V3 엔진을 방해하는 국내 악성코드 Overtls 시리즈

국내에서 제작된 악성코드 중 금전적 수익을 목적으로 오랫동안 활동하며 꾸준히 변종을 제작 및 유포하는 것 중에 유명한 것이 Win-Trojan/Overtls(AhnLab 진단명 기준)가 있습니다.

해당 악성코드는 일반적으로 다양한 광고 프로그램이 법에서 정한 정상적인 동의 과정을 거쳐 설치가 이루어지는 프로그램을 통해 사용자 몰래 설치되는 경향이 있는 것으로 추정됩니다.

특히 해당 악성코드는 국내 보안 제품 중 AhnLab V3 Lite, 네이버 백신(Naver Vaccine)이 설치되어 있는지 체크를 하는 부분이 있는 것으로 보아, 설치시 보안 제품 무력화를 시도한다고 볼 수 있습니다.
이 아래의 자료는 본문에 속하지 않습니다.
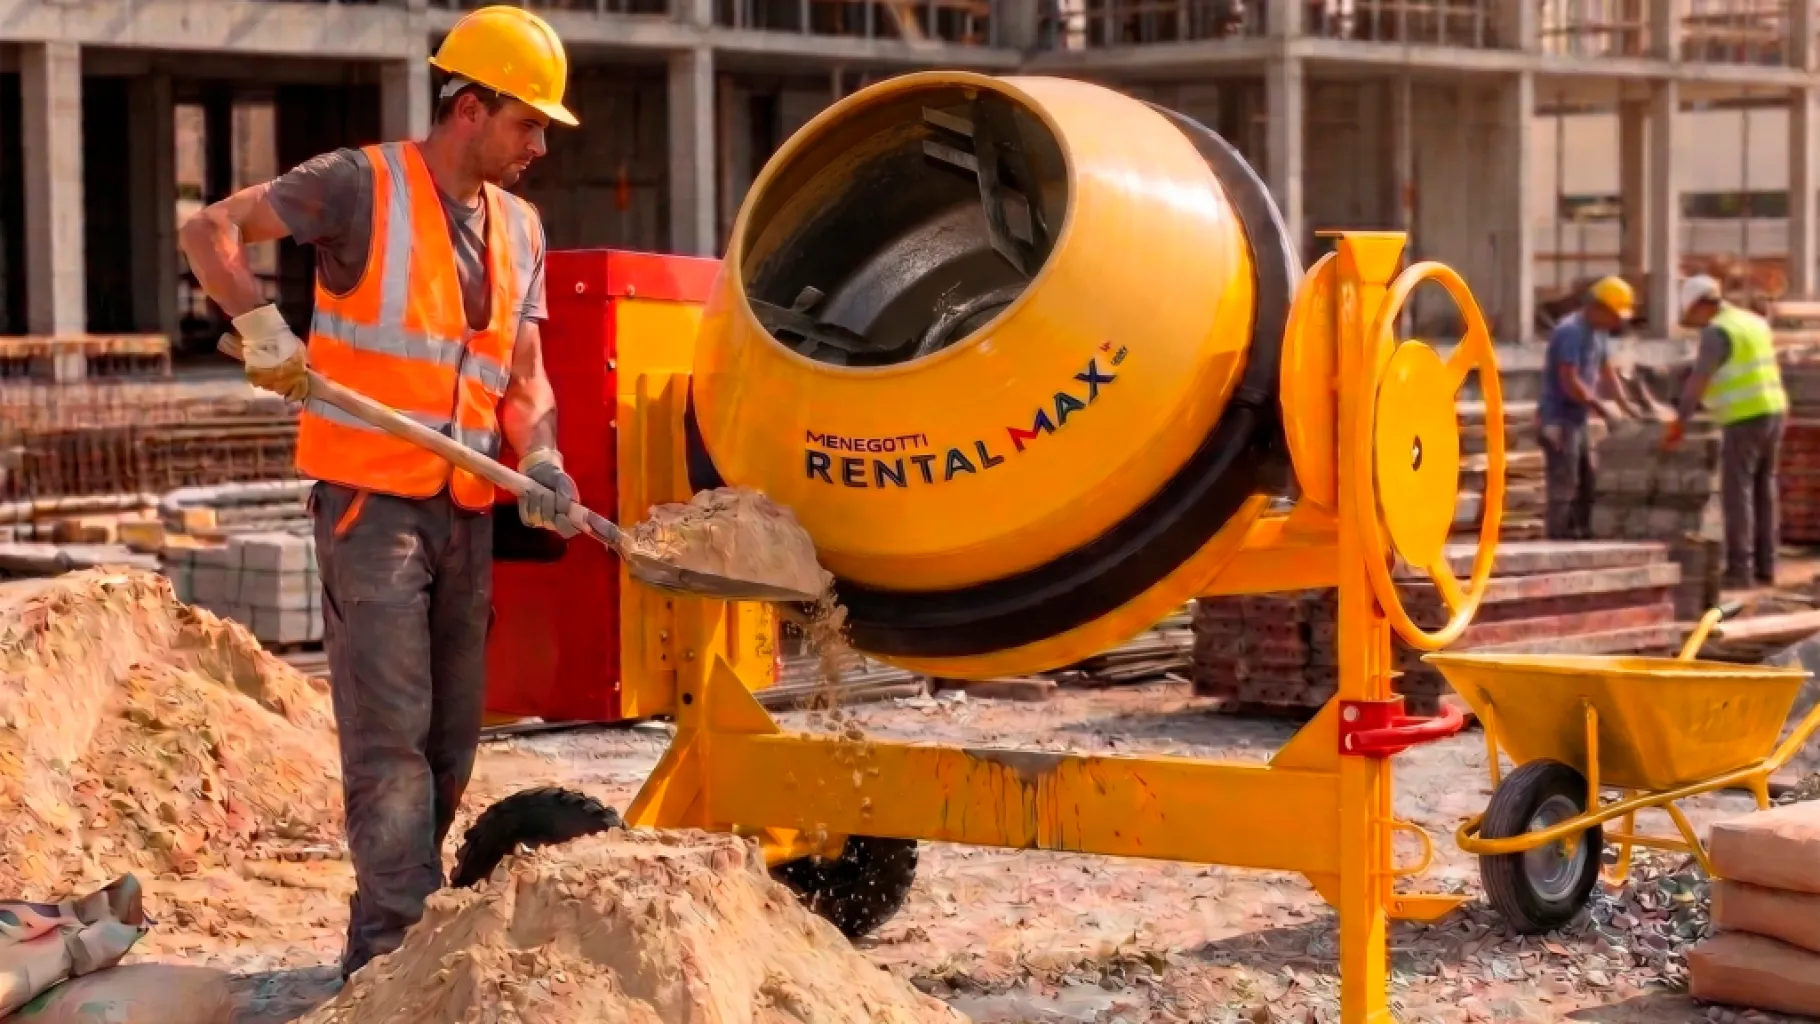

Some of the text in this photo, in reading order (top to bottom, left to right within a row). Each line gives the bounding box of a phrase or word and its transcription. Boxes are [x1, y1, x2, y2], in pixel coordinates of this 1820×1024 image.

[805, 357, 1117, 489] RENTAL MAX
[806, 430, 928, 452] MENEGOTTI
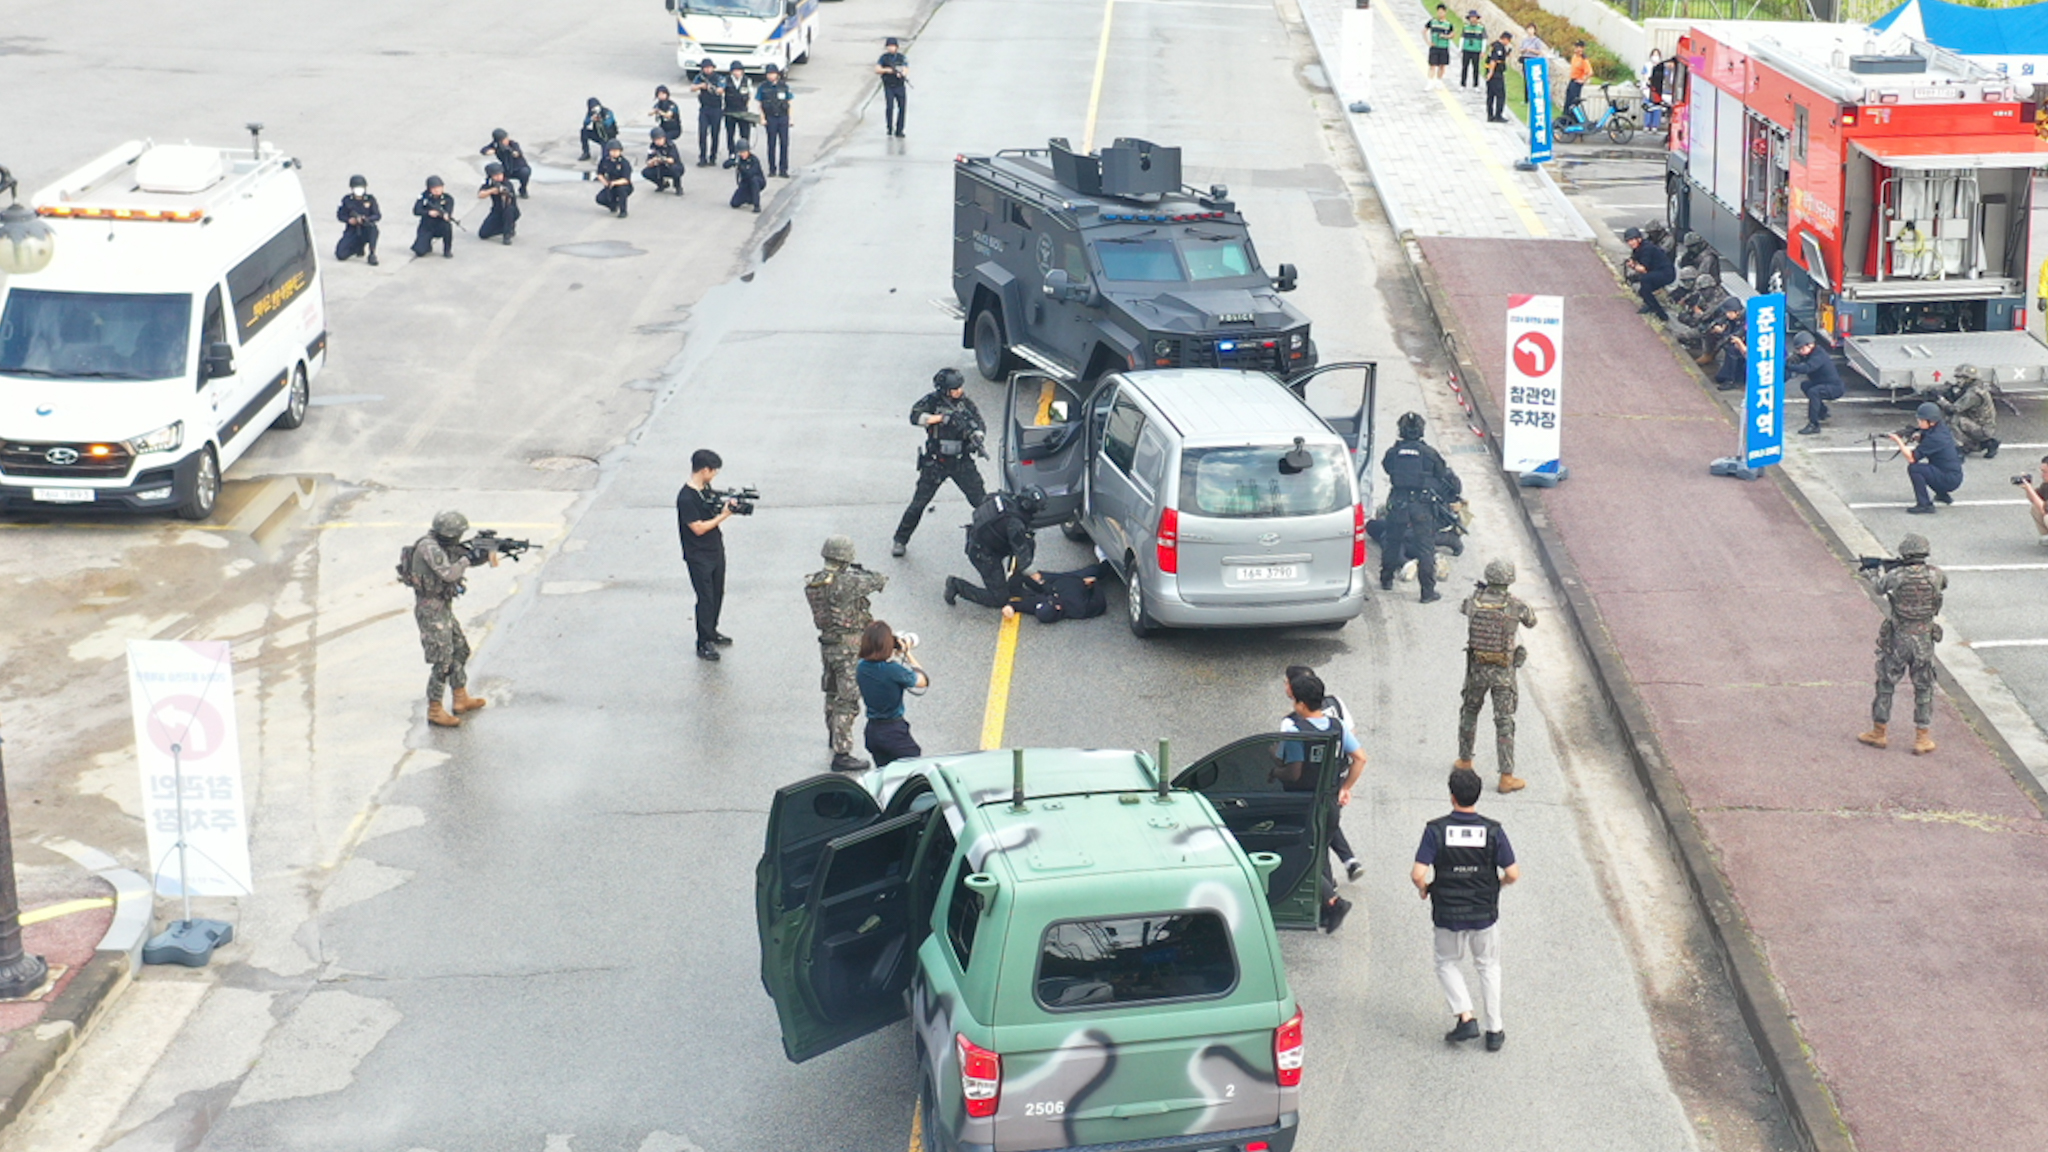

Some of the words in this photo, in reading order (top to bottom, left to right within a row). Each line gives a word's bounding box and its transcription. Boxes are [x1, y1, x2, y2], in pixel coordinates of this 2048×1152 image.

[1756, 306, 1777, 437] 준위험지역
[1509, 386, 1555, 406] 참관인
[1509, 409, 1556, 429] 주차장
[1267, 566, 1292, 578] 3790
[1225, 1084, 1235, 1097] 2
[1025, 1101, 1065, 1117] 2506
• 검색 도우미 : WebManager (2010.6.21)

• 검색 도우미 : Keyword Search (2010.6.25)

• 국내 악성코드 : cbcem (2010.7.11)

이미 2010년에 Overtls와 연관된 몇 개의 유포 사례에 대해 살펴본 적이 있으므로 참고하시기 바라며, 최근 유포되는 설치 파일(MD5 : b5bc1b21c7a48e5c2450cd5b64851a58)을 이용해 확인하도록 하겠습니다.

참고로 해당 설치 파일에 대하여 안철수연구소(AhnLab) V3 보안 제품에서는 Trojan/Win32.HDC (VirusTotal : 18/44) 진단명으로 진단되고 있습니다.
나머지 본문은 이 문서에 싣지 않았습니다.